123456789DEFINE TOPIC('PROD.FIN.CLUS') TOPSTR('prod/finance') TOPTYPE(CLUS) + CLUSTER('CORP') PUBSCOPE(ALL) SUBSCOPE(ALL) DEFINE SUB('FIN.ANALYTICS.LON') TOPICSTR('prod/finance/#') + DESTQL('FIN.ANALYTICS.Q') DESTQMGR('QM_LONDON') + DURSUB(YES) SUBSCOPE(ALL) DESTTYPE(UNMANAGED) DEFINE SUB('FIN.LOCAL.OPS') TOPICSTR('prod/finance/#') + DESTQL('FIN.LOCAL.Q') DESTQMGR('QM_LONDON') + DURSUB(YES) SUBSCOPE(QMGR) DESTTYPE(UNMANAGED) * ANALYTICS receives cluster publications; LOCAL.OPS only if published on QM_LONDON
When many subscriptions share one domain, set SUBSCOPE on the CLUS administrative parent and use SUBSCOPE(ASPARENT) on DEFINE SUB for leaves—reduces inconsistent QMGR subs under a cluster-wide finance branch. Changing parent scope becomes a controlled change with impact analysis on all ASPARENT children. DISPLAY TOPIC and DISPLAY SUB should be reviewed together after ALTER.
SUBSCOPE(ALL) exports interest metadata to the cluster repository—competitors in multitenant labs aside, regulated shops ask whether subscription patterns reveal business activities (healthcare/claim/#). Data residency rules may forbid SUBSCOPE ALL on EU queue managers while US publishers remain QMGR-scoped. Document decisions in security architecture; technical MQ settings implement legal constraints.

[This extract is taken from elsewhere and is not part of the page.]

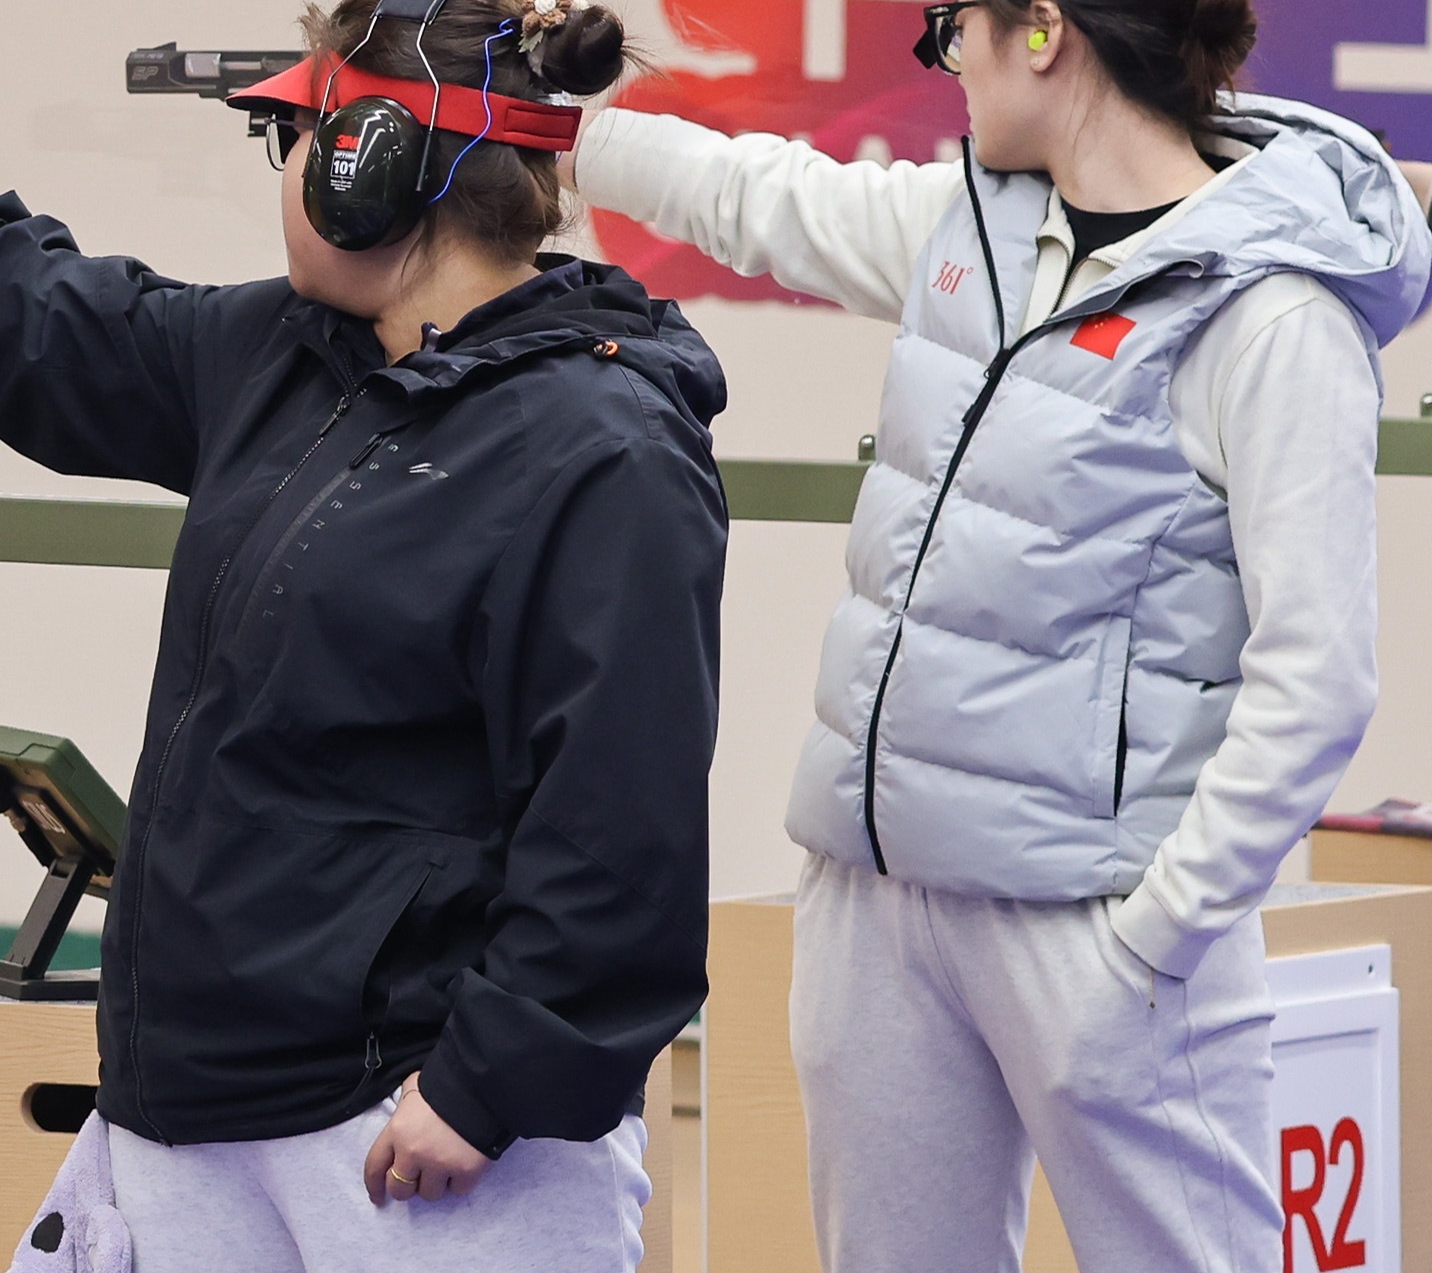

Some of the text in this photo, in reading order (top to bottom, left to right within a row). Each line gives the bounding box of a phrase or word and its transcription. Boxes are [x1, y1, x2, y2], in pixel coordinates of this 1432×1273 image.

Each matching publication may traverse channels to every queue manager with ALL-scoped matching subscriptions. Wildcard prod/# at ALL on five members multiplies puts. Prefer narrow TOPICSTR, entity-level subscriptions, or stream partitioning for telemetry floods. Monitor cluster channel bytes and remote DEST CURDEPTH—not only publishing QM CPU.
SUBSCOPE QMGR is subscribing only to the neighborhood edition printed in your town. SUBSCOPE ALL is asking every printing plant nationwide to send copies when the story matches—even if you only read the London section. Publication scope is whether the story leaves the originating plant at all.
ALTER SUB to change SUBSCOPE from QMGR to ALL mid-life may suddenly increase traffic—coordinate with network teams. Narrowing ALL to QMGR stops remote delivery but does not delete messages already queued. Change windows should include DISPLAY SUB and cluster repository verification on full and partial repos.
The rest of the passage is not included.